The reporter didn’t answer. Instead he busied himself by writing in his notebook, pretending not to see the contemptuous grins of his fellow journalists.
“Good for her,” Beamon said.
“Do you support C. C.?” I asked him.
“Naw, I support no one. But that cheesy little shit, I’d love to crush his balls.”
“Who is he?”
“Hersey Sheehan.”
“He’s the guy from the
Reporter,”
I told Beamon. “The guy who got the goods on the governor and the mayor.”
“Sleazy bastard, he’s making us all look bad, all this sensational shit. The public is pissed something fierce and are they blaming the governor or the mayor? Hell, no. They’re blaming the media. Course, circulation is up.”
“How does he do it?”
“How do any of us do it?” Beamon replied. “Sources.”
“Who?”
“I don’t know. But I’d love to have ’em.”
“Guess,” I told Beamon.
“No idea. Little asshole is keeping ’em real tight.”
“C. C. Monroe?” I suggested.
“Naw, I don’t think so.”
“She’s the only one who hasn’t been burned,” I reminded him.
“True, but the sharks are circling.”
“Why?”
“Like you said, she’s the only one left. You want a guess, I think the mayor fed the governor to Sheehan and later the governor gave him the mayor outta revenge.”
“Why Sheehan?”
“He’s out of the mainstream; he doesn’t give a shit where his stories come from.”
“Wouldn’t a legitimate newspaper print the story? Wouldn’t you?”

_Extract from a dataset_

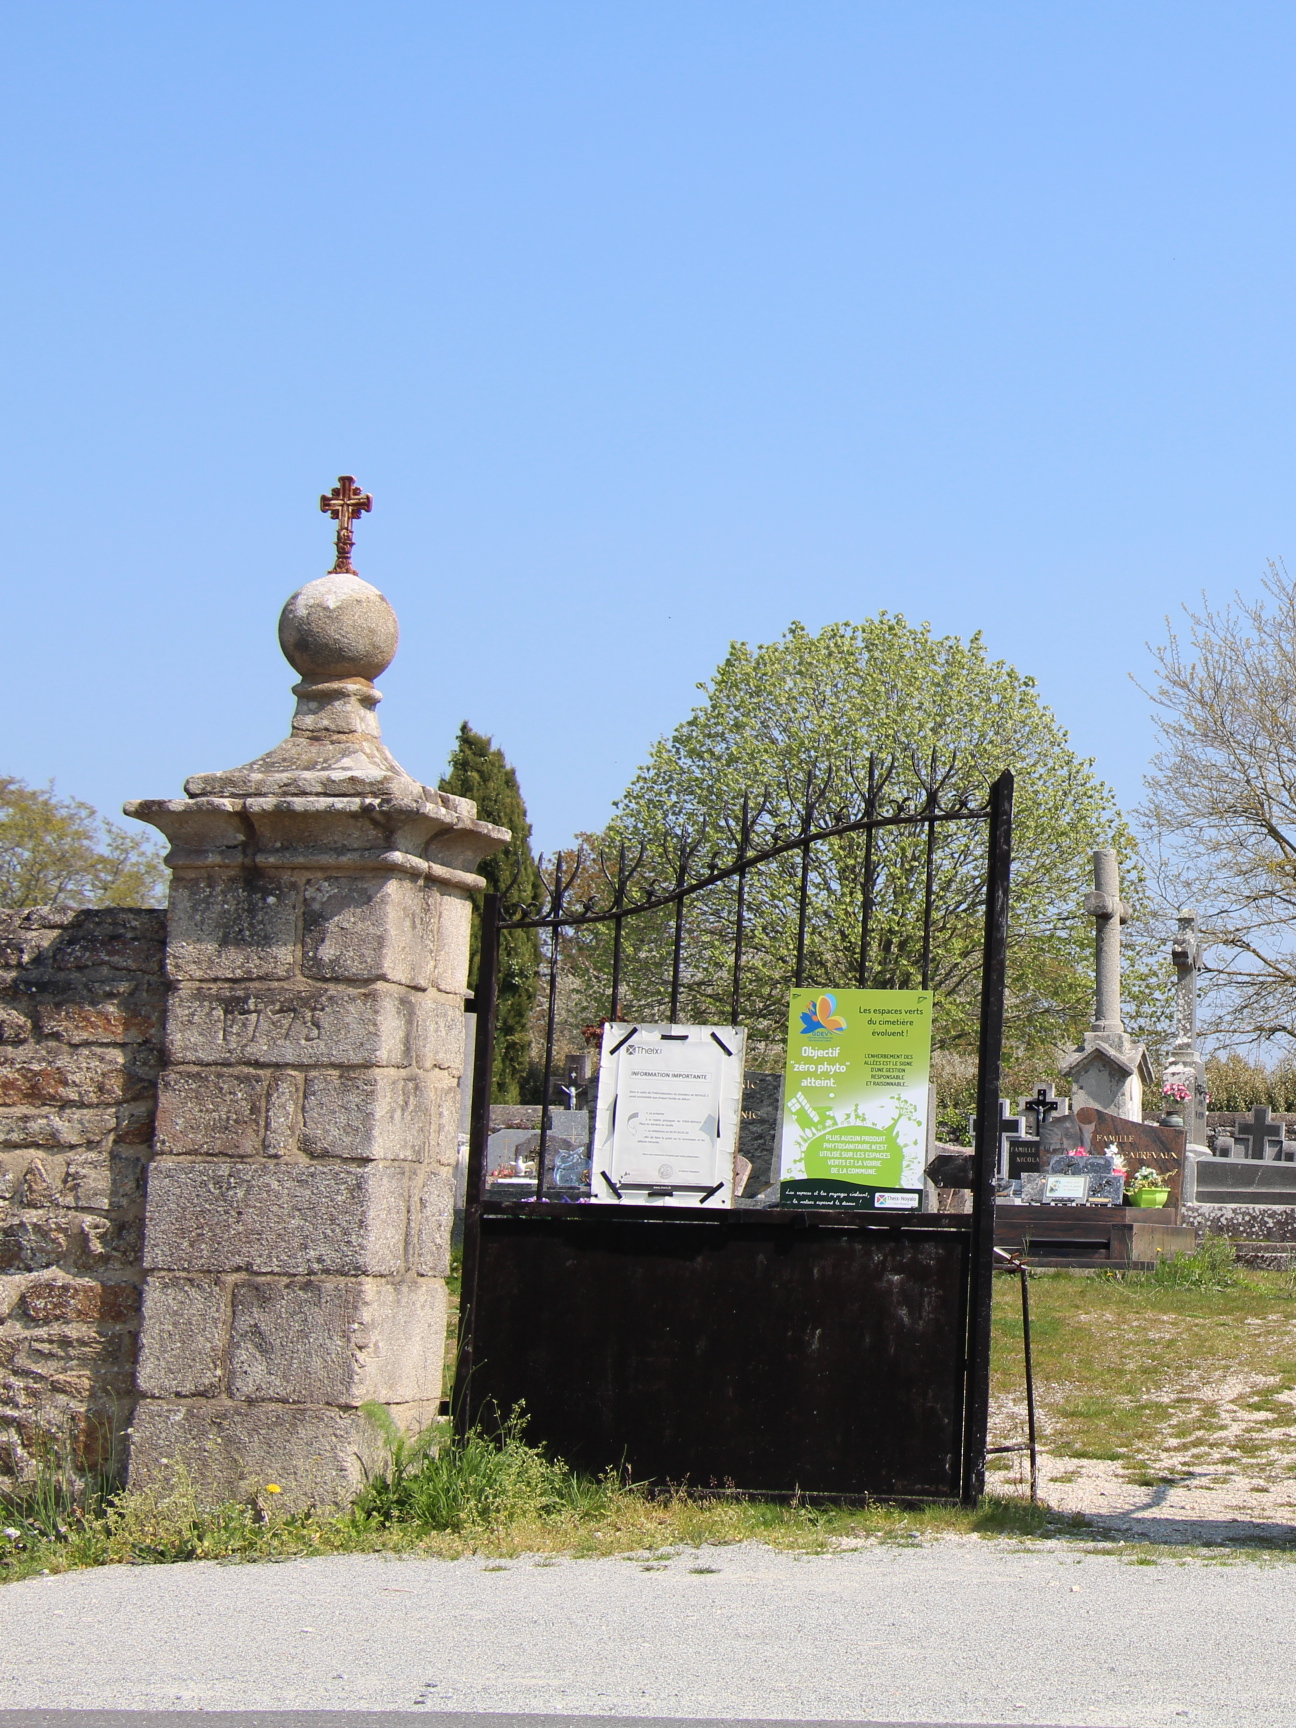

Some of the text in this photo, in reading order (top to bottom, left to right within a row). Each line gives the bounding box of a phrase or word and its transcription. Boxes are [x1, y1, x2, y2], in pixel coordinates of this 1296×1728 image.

[801, 1046, 840, 1059] Objectif
[790, 1060, 850, 1074] "zéro phyto"
[801, 1077, 837, 1087] atteint.

“Sure. But we would also say where it came from. You don’t go off the record with something like this.”
“And now you say he’s after Monroe?”
“We all are.”
“Is anything there?” I asked.
“What is Monroe? Thirty-two? Thirty-three? You can’t be thirty-three these days without having some kind of past, without doing something stupid—smoking dope in the girls’ lockers, something.”

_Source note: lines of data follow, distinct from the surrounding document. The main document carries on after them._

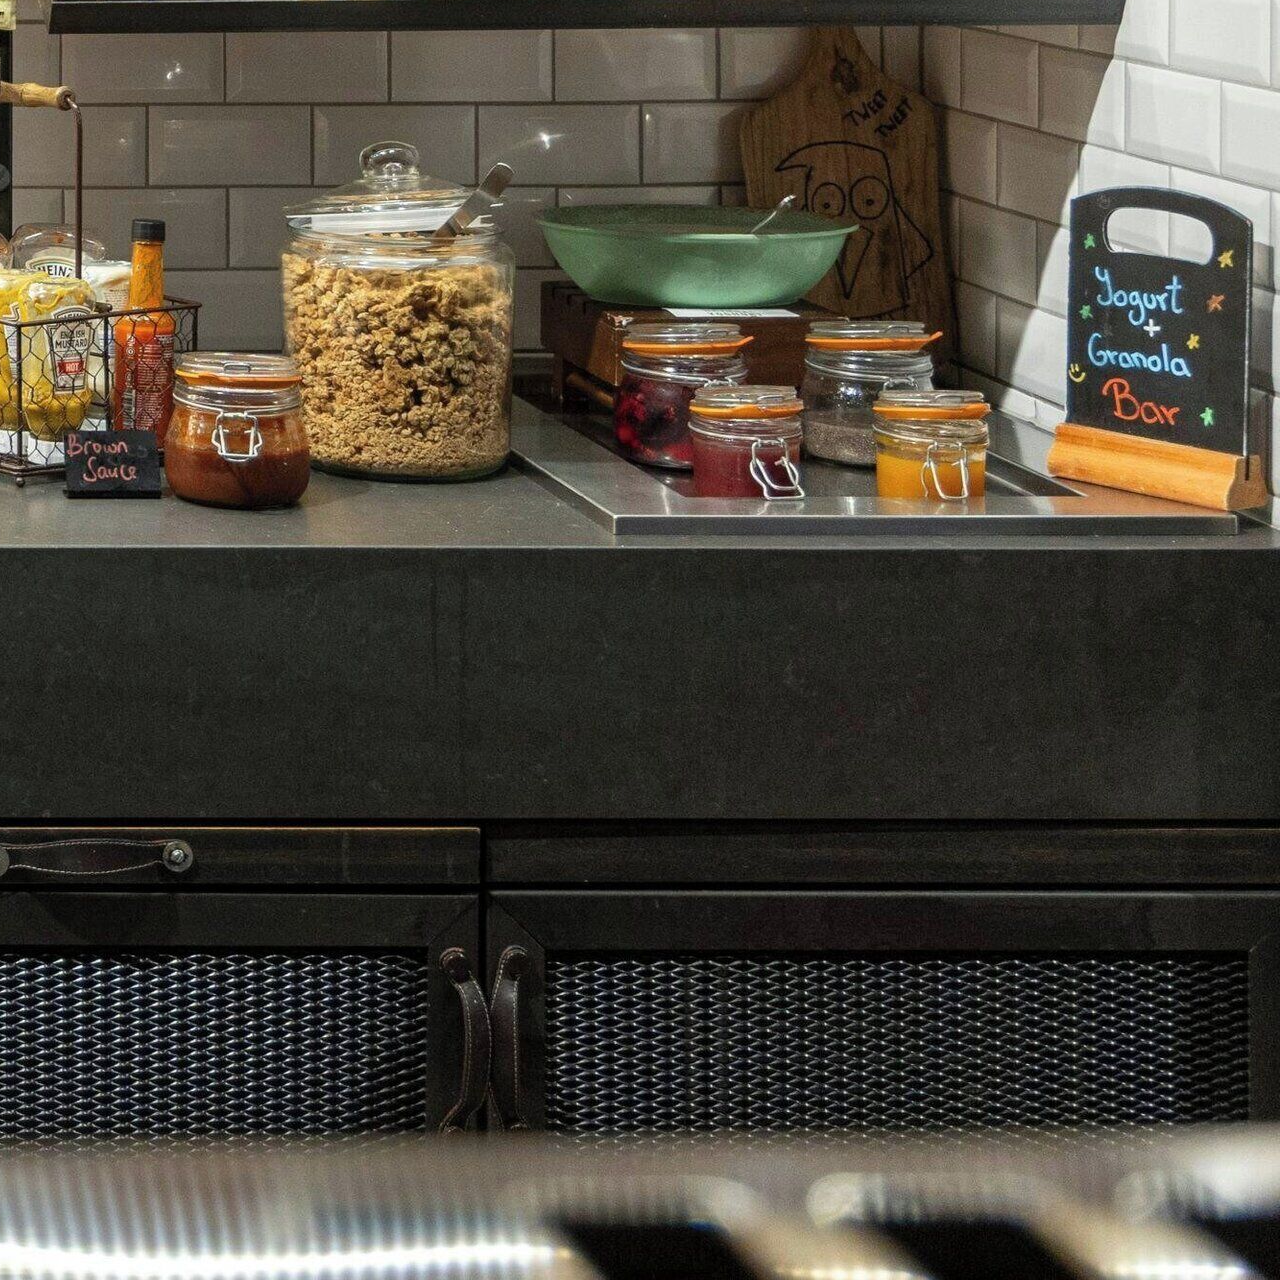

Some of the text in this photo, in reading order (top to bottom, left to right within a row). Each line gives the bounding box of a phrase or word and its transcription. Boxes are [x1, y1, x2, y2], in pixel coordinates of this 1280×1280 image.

[842, 89, 888, 127] TWEET
[874, 97, 913, 138] TWEET
[1094, 266, 1184, 327] Yogurt
[65, 362, 80, 372] HOT
[1088, 333, 1193, 378] Granola
[1101, 377, 1181, 426] Bar
[66, 433, 128, 458] Brown
[82, 456, 137, 483] Sauce

“Is that news? Do you print something like that?”
“We do now.”
EIGHTEEN
I
WATCHED AS
Hersey Sheehan studied his reflection in the store window. Something in what he saw must have pleased him because he kept looking for it in every flat, glossy surface he passed. This narcissism made Sheehan a difficult subject of surveillance; he was forever slowing down, speeding up and stopping to admire himself or any attractive young woman who happened by. Once I was forced to walk past him, careful not to look him directly in the eyes, when he turned around and briefly followed a woman he’d found particularly fetching.